Non molto lontano dall’uomo, ma celato a lui dalle ombre, Legolas stava immobile e lo guardava con la morte nel cuore: avrebbe voluto raggiungerlo, prenderlo tra le braccia, rassicurarlo, ma sapeva che non poteva farlo, quella era una battaglia che l’uomo doveva combattere da solo. C’erano decisioni che il Ramingo doveva maturare per suo conto, molto dipendeva da ciò, e lui non poteva compromettere l’unica possibilità di salvezza della Terra di Mezzo!

Dalla labbra dell’elfo sfuggì un sospiro di dolore, quando sentì una mano appoggiarsi sulla sua spalla per confortarlo, ma non gli occorse girarsi per sapere che alle sue spalle c’era Elrond: conosceva troppo bene la presenza spirituale del signore di Imladris, perché questo potesse giungere senza che lui l’avvertisse.

Vieni via Legolas, disse Elrond, parlando direttamente alla mente dell’altro elfo, qui per te c’è solo sofferenza. Quando sarà pronto tornerà da te, qui non ha nulla da temere...

Legolas strinse più forte che poté le mascelle per ricacciare indietro le lacrime e si voltò per fronteggiare Elrond, ma quando incrociò il suo sguardo tutti i suoi propositi crollarono e le lacrime cominciarono a scorrere sul suo volto.

Elrond restò sgomento a quella vista: erano centinaia di anni, forse un millennio intero, che non vedeva piangere Legolas! Era già dunque così forte il legame che lo teneva stretto a quell’uomo?

Ed Elrond fece qualcosa che non faceva da molto tempo: lo abbracciò, non secondo il protocollo elfico tra parenti adulti, ma come se fosse un bambino. Un bambino solo e sperduto nell’oscurità, come quella notte, tanto tempo addietro, in cui Legolas l’aveva chiamato “padre” per la prima volta.

 

A poche decine di metri dai due elfi Aragorn ripercorreva i momenti della giornata per la centesima volta.

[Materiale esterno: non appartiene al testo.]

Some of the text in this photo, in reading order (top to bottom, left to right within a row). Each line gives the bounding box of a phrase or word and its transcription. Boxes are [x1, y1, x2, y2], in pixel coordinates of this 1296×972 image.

Nel primo pomeriggio aveva seguito Legolas ed Elrond in un luogo remoto della casa.

Avevano percorso lunghi corridoi e salito diverse rampe di scale, per giungere infine davanti ad una porta senza maniglia ne serratura, che si era aperta ad un ordine del signore di Imladris, e che si era chiusa silenziosamente alle loro spalle, dopo che erano entrati nella stanza, aumentando la sensazione di disagio del Ramingo.

Nelle settimane precedenti Elrond aveva sottoposto Aragorn ad un lungo allenamento mentale e fisico, ma quella era la prima volta che era presente anche Legolas, e la cosa lo rendeva inquieto.

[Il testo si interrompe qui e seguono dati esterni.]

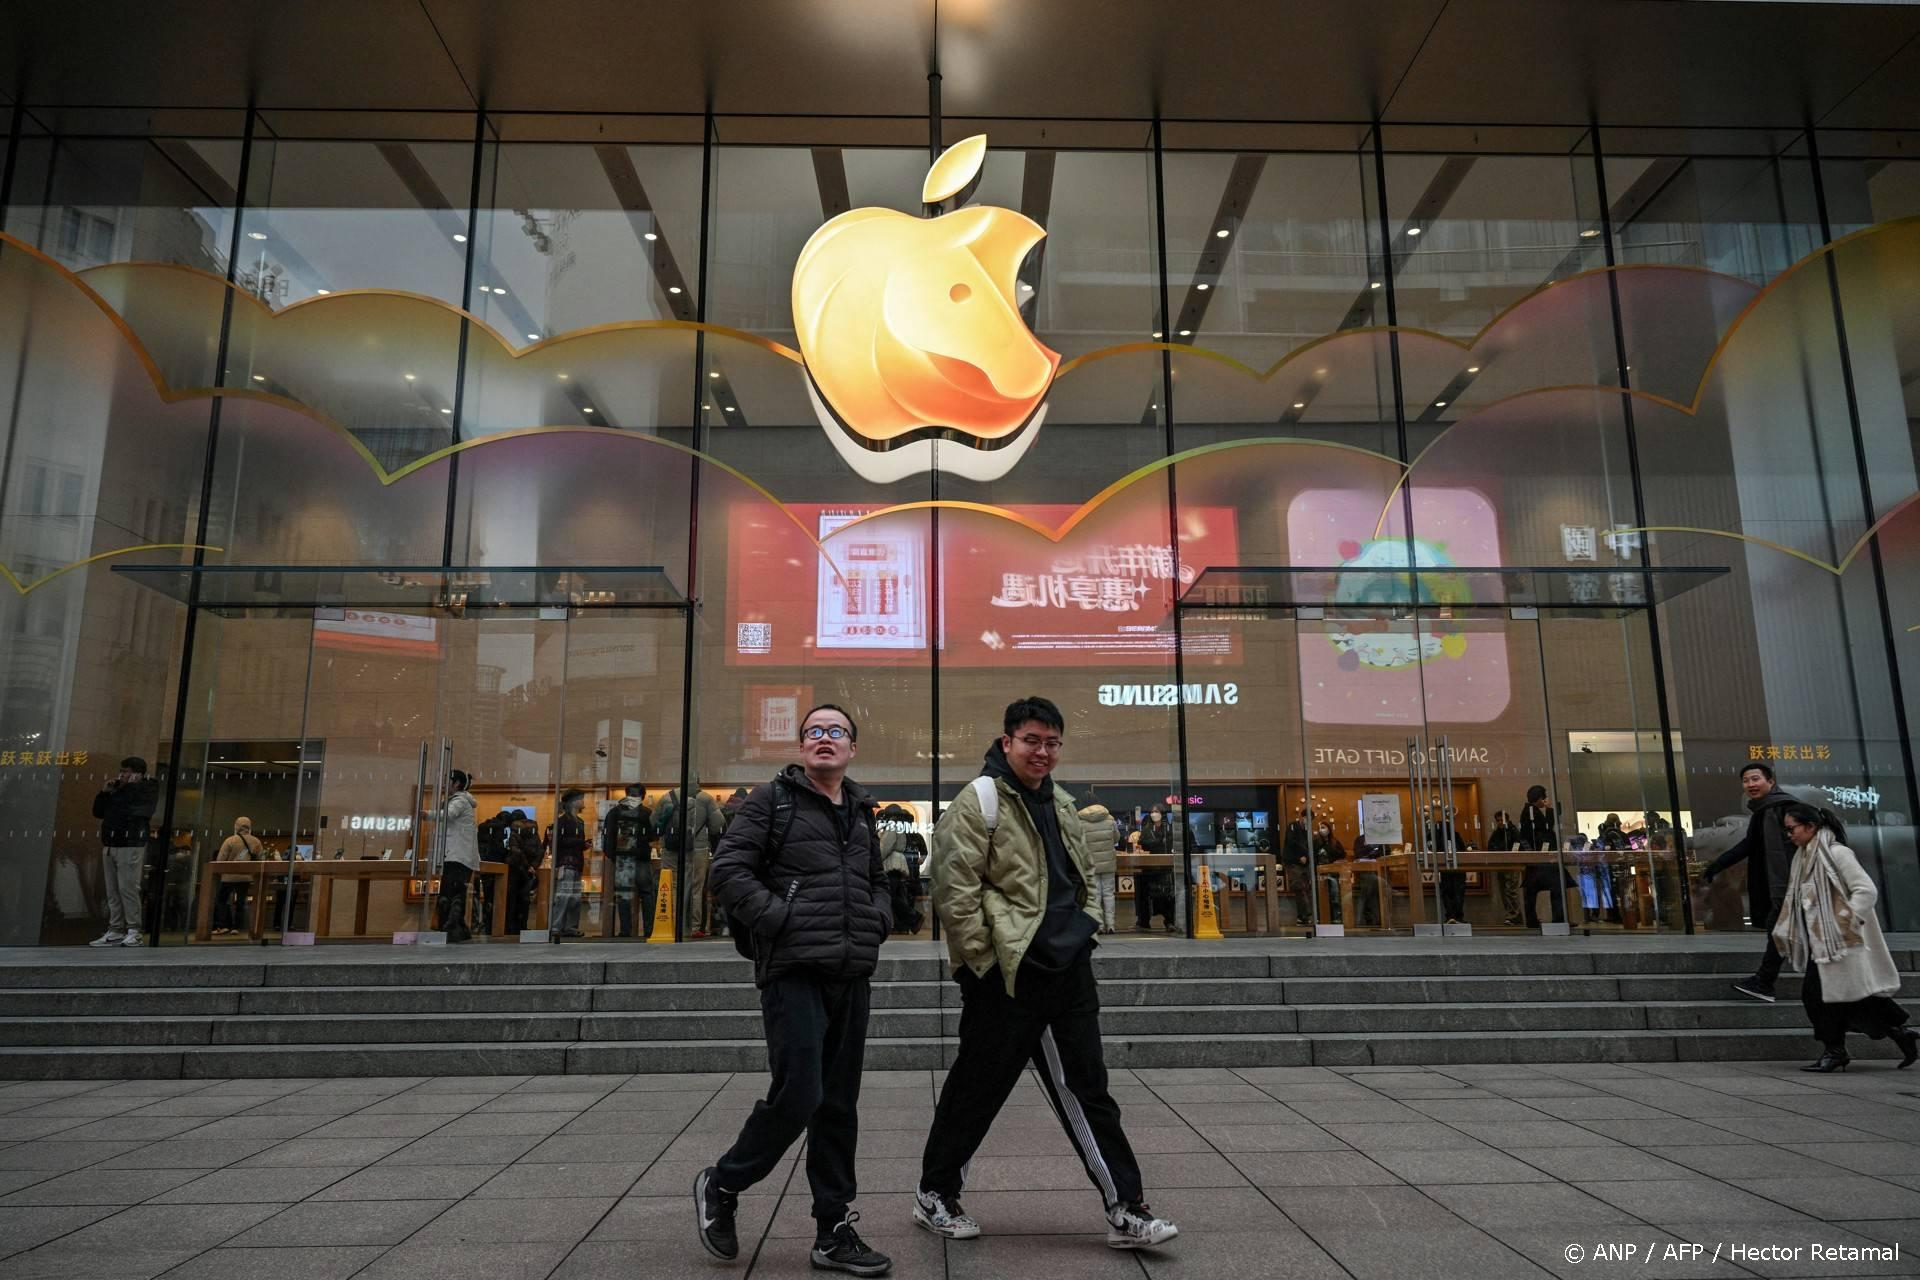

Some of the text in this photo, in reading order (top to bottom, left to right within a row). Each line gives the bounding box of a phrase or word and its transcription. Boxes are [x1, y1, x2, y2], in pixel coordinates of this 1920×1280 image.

La stanza in cui era stato condotto era spaziosa, a pianta ottagonale, illuminata da ampie finestre ad arco, e il Ramingo cominciò a chiedersi come mai non l’avesse mai vista dall’esterno della casa...

“Non è possibile vedere questa stanza dall’esterno,” disse Elrond, cogliendo i pensieri dell’uomo, “perché è celata da un incantesimo. Ma ora prestami attenzione!”.

Aragorn annuì e seguì i due elfi al centro della stanza, dove, sopra un piedistallo di mithril splendidamente lavorato, si trovava un oggetto coperto da un drappo di seta ricamata.

Elrond allungò una mano e tolse il drappo, rivelando una sfera che sembrava fatta di vetro nero, lucida e levigata e Aragorn comprese che quella era una Palantir.

“Questa”, disse Elrond,  “è la Palantir che si trovava  ad Amon Sul. Altrove sono custodite quella di Annuminas, e la pietra dominante che una volta era a Osgiliath.”

Aragorn si limitò ad annuire: non riusciva a trovare la forza neppure per parlare in quella stanza, davanti a quell’oggetto che calamitava completamente il suo sguardo.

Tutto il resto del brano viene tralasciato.